I appreciate Dr. Donohoe's observations about academic medical centers that sponsor “concierge” clinics. He is correct that our paper did not specifically address academic medical centers; rather, we looked at the broader movement to practices that charge retainer fees, do not accept insurance, and/or limit the number of patients they see. (We called such practices “direct patient contracting practices” [DPCPs] because descriptions of concierge practices commonly used in the literature lack consistency.) I agree that attention needs to be paid to the ethical, educational, and patient care implications of academic medical centers that operate such practices and on their potential effect on the poor.

However, our paper does provide a policy framework for evaluating DPCPs, which can include academic medical centers. We state, “Physicians in all types of practices must honor their professional obligation to provide nondiscriminatory care, serve all classes of patients who are in need of medical care, and seek specific opportunities to observe their professional obligation to care for the poor”; this includes physicians in academic medical centers who operate concierge clinics. We advocate that physicians consider the potential effect of changes in their practices that could make it more difficult for poorer patients to access medical care and that they consider steps to mitigate any such effect. We note that some evidence shows that concierge practices are at a greater risk for excluding poor and other vulnerable populations. However, we also note that the literature includes examples of direct primary care practices (1 variation of DPCPs) that have structured themselves to provide accessible, low-cost care to the poor, including patients enrolled in Medicaid. We conclude, “Although the growing physician interest in DPCPs may be an understandable reaction to such external factors, it must also be recognized that such models potentially exacerbate racial, ethnic, and socioeconomic disparities in health care and impose too high a cost burden on some lower-income patients.”

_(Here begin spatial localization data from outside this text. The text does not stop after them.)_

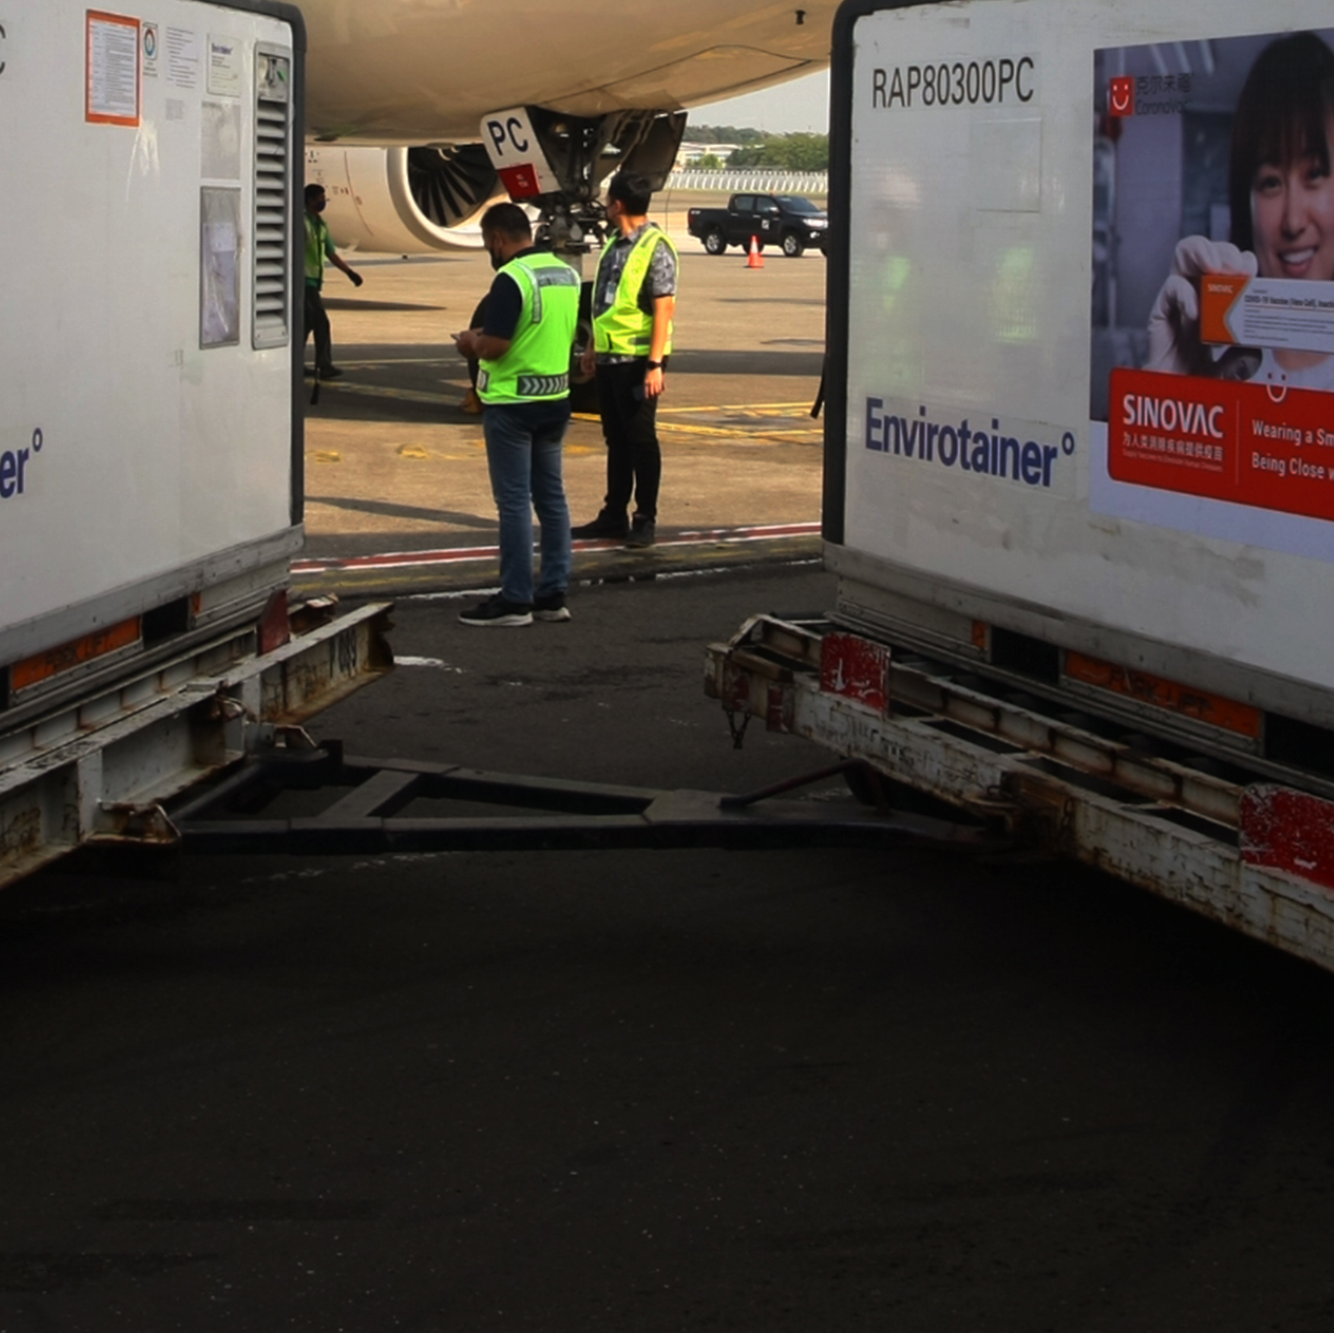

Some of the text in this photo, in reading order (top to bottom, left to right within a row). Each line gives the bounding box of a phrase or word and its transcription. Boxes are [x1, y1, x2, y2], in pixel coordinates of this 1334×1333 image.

[872, 56, 1035, 109] RAP80300PC
[487, 117, 529, 156] PC
[1123, 393, 1225, 439] SINOVAC
[1252, 419, 1302, 447] Wearing
[1305, 430, 1314, 444] a
[1252, 451, 1287, 478] Being
[1289, 457, 1325, 480] Close
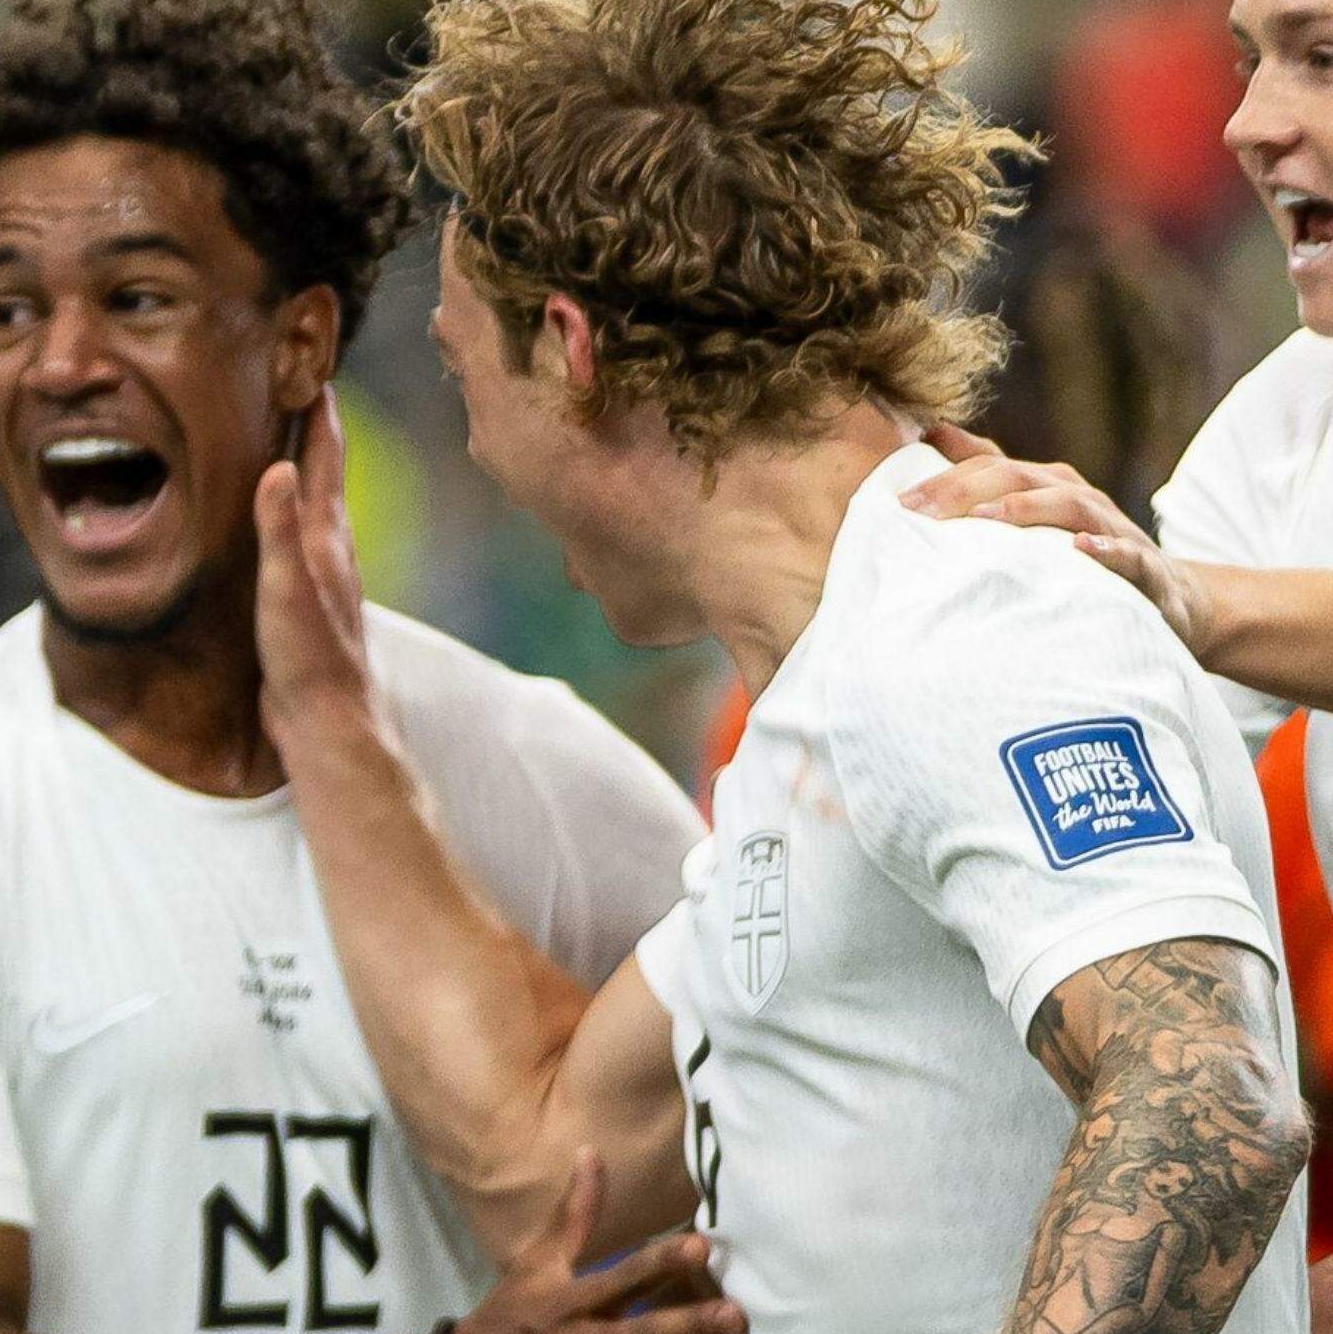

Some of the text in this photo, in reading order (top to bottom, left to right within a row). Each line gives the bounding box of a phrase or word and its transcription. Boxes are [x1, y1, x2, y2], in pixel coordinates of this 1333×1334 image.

[1034, 741, 1128, 776] FOOTBALL
[1043, 761, 1140, 805] UNITES
[1053, 791, 1156, 830] the World
[1092, 815, 1136, 833] FIFA
[197, 1110, 380, 1331] 22
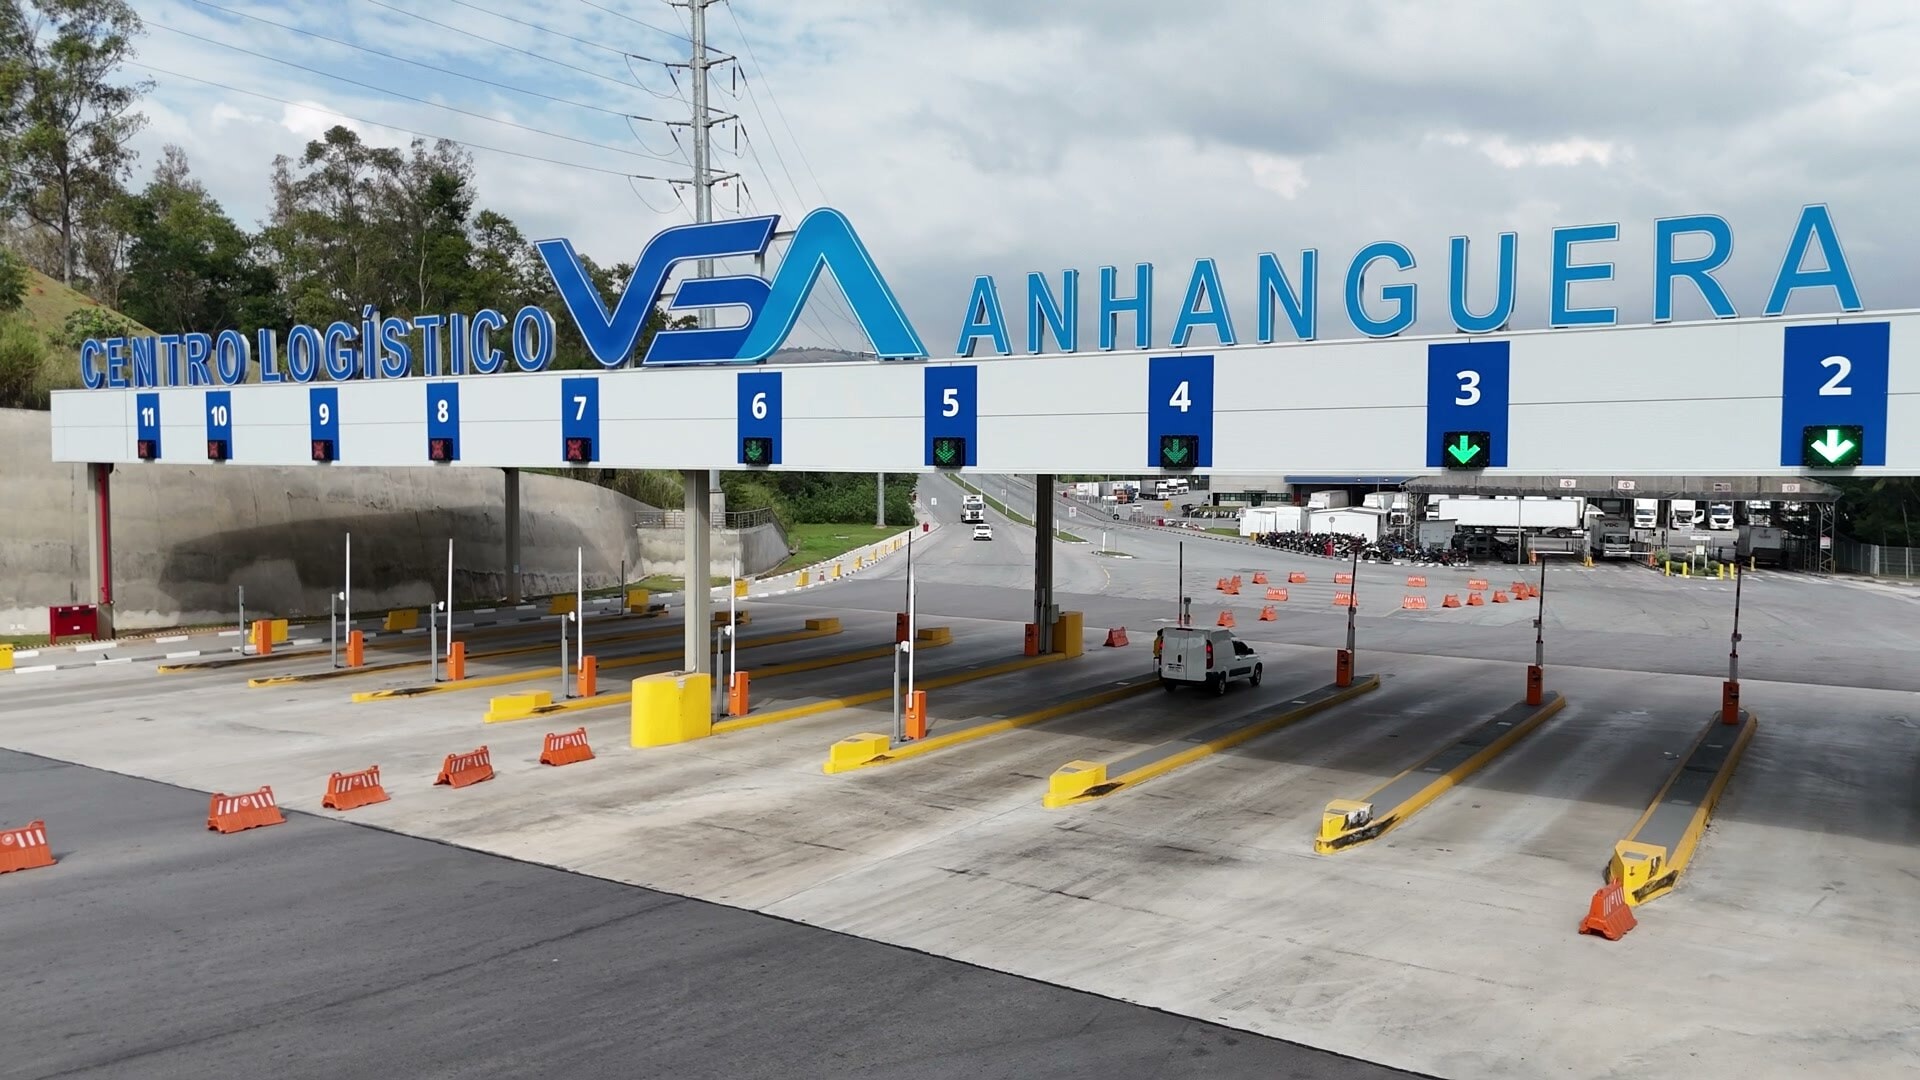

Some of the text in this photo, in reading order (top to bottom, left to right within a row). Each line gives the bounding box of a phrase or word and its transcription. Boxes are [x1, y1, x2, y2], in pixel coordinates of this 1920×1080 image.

[80, 329, 250, 390] CENTRO
[258, 303, 557, 384] LOGÍSTICO
[956, 202, 1866, 358] ANHANGUERA
[1455, 370, 1481, 406] 3
[1818, 355, 1852, 396] 2
[437, 399, 449, 423] 8
[573, 396, 587, 421] 7
[751, 392, 767, 420] 6
[942, 388, 959, 418] 5
[1169, 381, 1192, 413] 4
[141, 407, 155, 427] 11
[210, 405, 228, 427] 10
[318, 403, 330, 426] 9
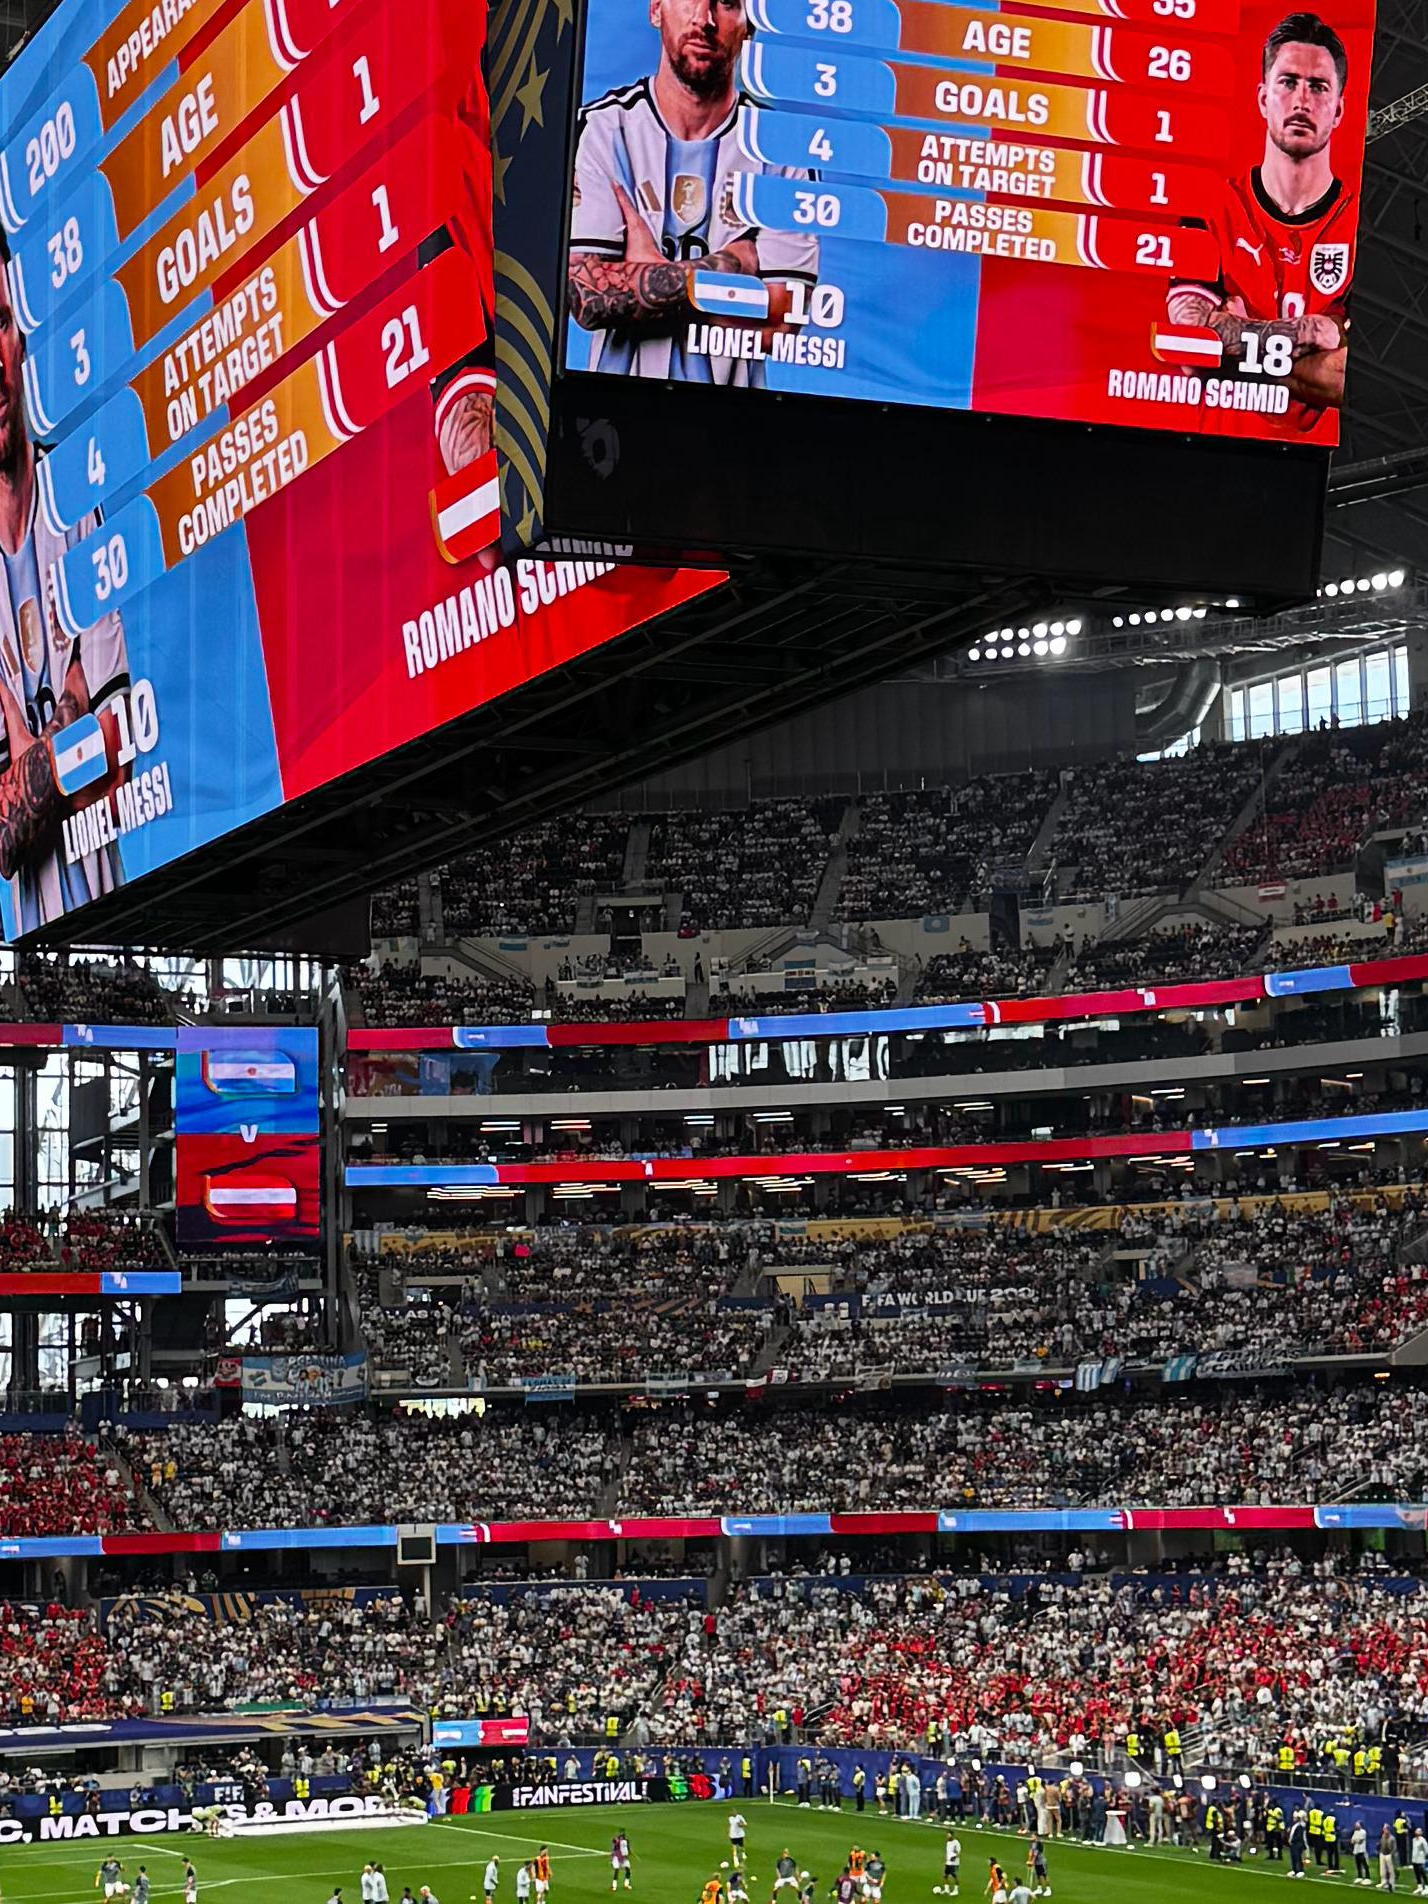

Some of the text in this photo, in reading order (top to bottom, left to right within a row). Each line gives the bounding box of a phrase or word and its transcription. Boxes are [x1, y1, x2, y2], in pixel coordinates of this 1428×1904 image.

[961, 21, 1032, 59] AGE
[1147, 46, 1192, 81] 26
[161, 72, 219, 178] AGE
[353, 55, 380, 125] 1
[814, 63, 1174, 143] 3 GOALS 1
[26, 100, 76, 192] 200
[808, 128, 1169, 205] 4 ATTEMPTS 1
[917, 159, 1056, 198] ON TARGET
[48, 216, 83, 288] 38
[156, 173, 254, 304] GOALS
[372, 185, 399, 253] 1
[793, 191, 1174, 267] 30 PASSES 21
[907, 222, 1057, 263] COMPLETED
[164, 267, 277, 398] ATTEMPTS
[783, 280, 845, 329] 10
[71, 328, 90, 386] 3
[167, 312, 285, 441] ON TARGET
[381, 304, 429, 389] 21
[687, 323, 846, 369] LIONEL MESSI
[1238, 331, 1293, 377] 18
[1107, 369, 1290, 415] ROMANO SCHMID
[87, 436, 105, 486] 4
[191, 399, 278, 497] PASSES
[178, 429, 308, 556] COMPLETED
[92, 534, 128, 600] 30
[402, 566, 515, 679] ROMANO
[111, 679, 160, 767] 10
[62, 761, 173, 865] LIONEL MESSI
[862, 1292, 897, 1307] FFA

We agree with Dr. Donohoe that little high-quality evidence is available on the clinical impact and cost-effectiveness of the “extra” services often offered by DPCPs. Because good evidence on this and other effects of such practices is lacking, we propose a robust research agenda. We especially endorse the need for research on “the impact and structure of [such] models that may affect their ability to provide access to underserved populations.”

I believe that it is important that, as we research and consider the policy and ethical implications of DPCPs, we also consider the external factors that are driving many physicians toward them—including excessive paperwork associated with insurance interactions, electronic health records that are designed to meet the needs of payers and regulators and not the clinical needs of physicians and their patients, and productivity-based payments that penalize physicians for spending more time with their patients. I have met many physicians who have gone into concierge and direct primary care practices precisely because they want to get back to doing what they love most, which is spending time with patients. Many say that they charge low monthly fees so that they can be accessible to moderate- and low-income patients at less out-of-pocket cost to patients than many high-deductible insurance plans offer. I caution against painting with too broad a stroke in assessing the motivations of physicians in practices that charge retainer fees or limit the numbers of patients they see and about the effect that such features have on poorer patients. Rather, we need more unbiased research and evidence—while strongly reminding physicians, as we do in our paper, of their ethical obligations to provide care that is nondiscriminatory based on a patient's income, gender and gender identity, sexual orientation, race, or ethnicity, regardless of the type of practice—concierge or not.